### EXERCISE
Make an exact copy of each entry, leaving out every picture.

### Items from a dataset

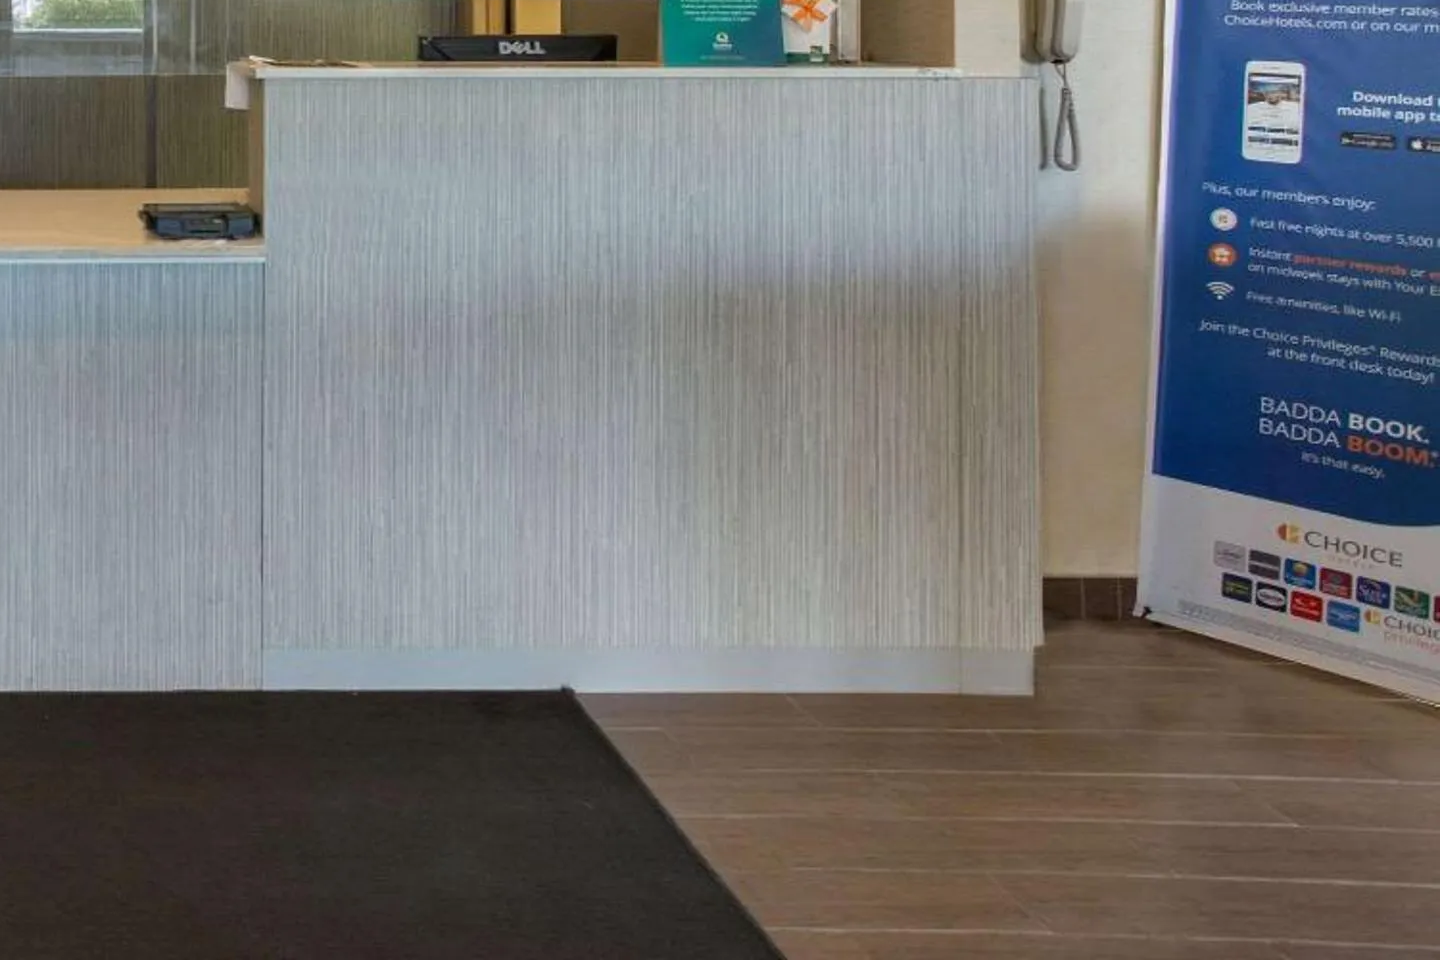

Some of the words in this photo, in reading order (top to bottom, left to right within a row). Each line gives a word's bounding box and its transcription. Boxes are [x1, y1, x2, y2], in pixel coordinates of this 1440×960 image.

[1230, 0, 1266, 11] Book
[1268, 1, 1330, 14] exclusive
[1334, 3, 1397, 16] member
[1223, 14, 1348, 30] ChoiceHotels.com
[1351, 21, 1367, 31] or
[1370, 22, 1390, 32] on
[1393, 23, 1421, 33] our
[498, 41, 547, 55] DELL
[1353, 91, 1433, 107] Download
[1337, 106, 1391, 118] mobile
[1394, 110, 1426, 124] app
[1202, 181, 1231, 196] Plus,
[1235, 187, 1257, 197] our
[1262, 189, 1331, 206] members
[1332, 197, 1377, 212] enjoy:
[1278, 221, 1303, 234] free
[1305, 224, 1345, 239] nights
[1347, 229, 1361, 239] at
[1362, 232, 1393, 243] over
[1248, 246, 1292, 261] Instant
[1411, 269, 1426, 279] or
[1248, 262, 1266, 273] on
[1326, 268, 1360, 287] stays
[1362, 274, 1391, 290] with
[1394, 280, 1425, 295] Your
[1343, 303, 1366, 319] like
[1368, 308, 1402, 324] Wi-Fi
[1199, 319, 1226, 335] Join
[1228, 322, 1250, 337] the
[1252, 326, 1299, 346] Choice
[1267, 347, 1282, 358] at
[1284, 348, 1308, 363] the
[1309, 352, 1347, 370] front
[1349, 358, 1384, 375] desk
[1387, 365, 1436, 386] today!
[1260, 396, 1341, 426] BADDA
[1348, 413, 1430, 443] BOOK.
[1259, 417, 1341, 448] BADDA
[1322, 454, 1350, 471] that
[1304, 530, 1404, 569] CHOICE
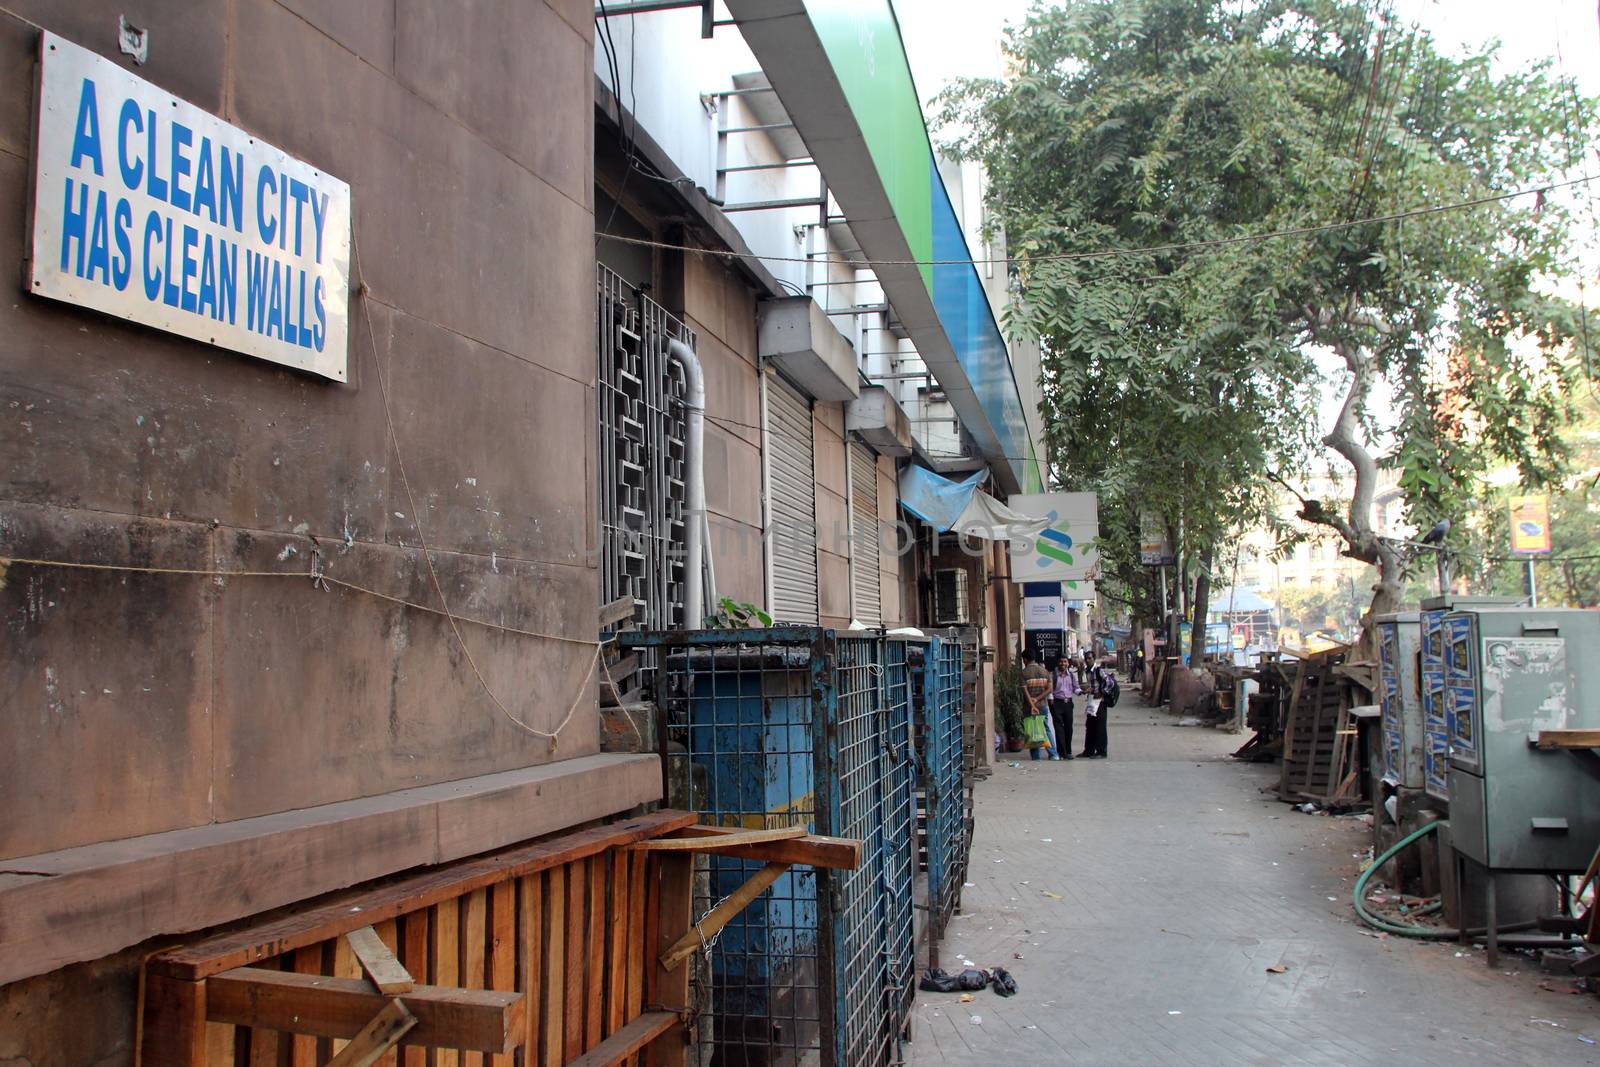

### SOLUTION BELOW
Some of the words in this photo, in reading order (top to bottom, left to right within a row). Each line gives a word's bounding box and its transcription. Boxes are [x1, y1, x2, y2], in pixel coordinates of this 1440×960 image.

[1230, 0, 1266, 11] Book
[1268, 1, 1330, 14] exclusive
[1334, 3, 1397, 16] member
[1223, 14, 1348, 30] ChoiceHotels.com
[1351, 21, 1367, 31] or
[1370, 22, 1390, 32] on
[1393, 23, 1421, 33] our
[498, 41, 547, 55] DELL
[1353, 91, 1433, 107] Download
[1337, 106, 1391, 118] mobile
[1394, 110, 1426, 124] app
[1202, 181, 1231, 196] Plus,
[1235, 187, 1257, 197] our
[1262, 189, 1331, 206] members
[1332, 197, 1377, 212] enjoy:
[1278, 221, 1303, 234] free
[1305, 224, 1345, 239] nights
[1347, 229, 1361, 239] at
[1362, 232, 1393, 243] over
[1248, 246, 1292, 261] Instant
[1411, 269, 1426, 279] or
[1248, 262, 1266, 273] on
[1326, 268, 1360, 287] stays
[1362, 274, 1391, 290] with
[1394, 280, 1425, 295] Your
[1343, 303, 1366, 319] like
[1368, 308, 1402, 324] Wi-Fi
[1199, 319, 1226, 335] Join
[1228, 322, 1250, 337] the
[1252, 326, 1299, 346] Choice
[1267, 347, 1282, 358] at
[1284, 348, 1308, 363] the
[1309, 352, 1347, 370] front
[1349, 358, 1384, 375] desk
[1387, 365, 1436, 386] today!
[1260, 396, 1341, 426] BADDA
[1348, 413, 1430, 443] BOOK.
[1259, 417, 1341, 448] BADDA
[1322, 454, 1350, 471] that
[1304, 530, 1404, 569] CHOICE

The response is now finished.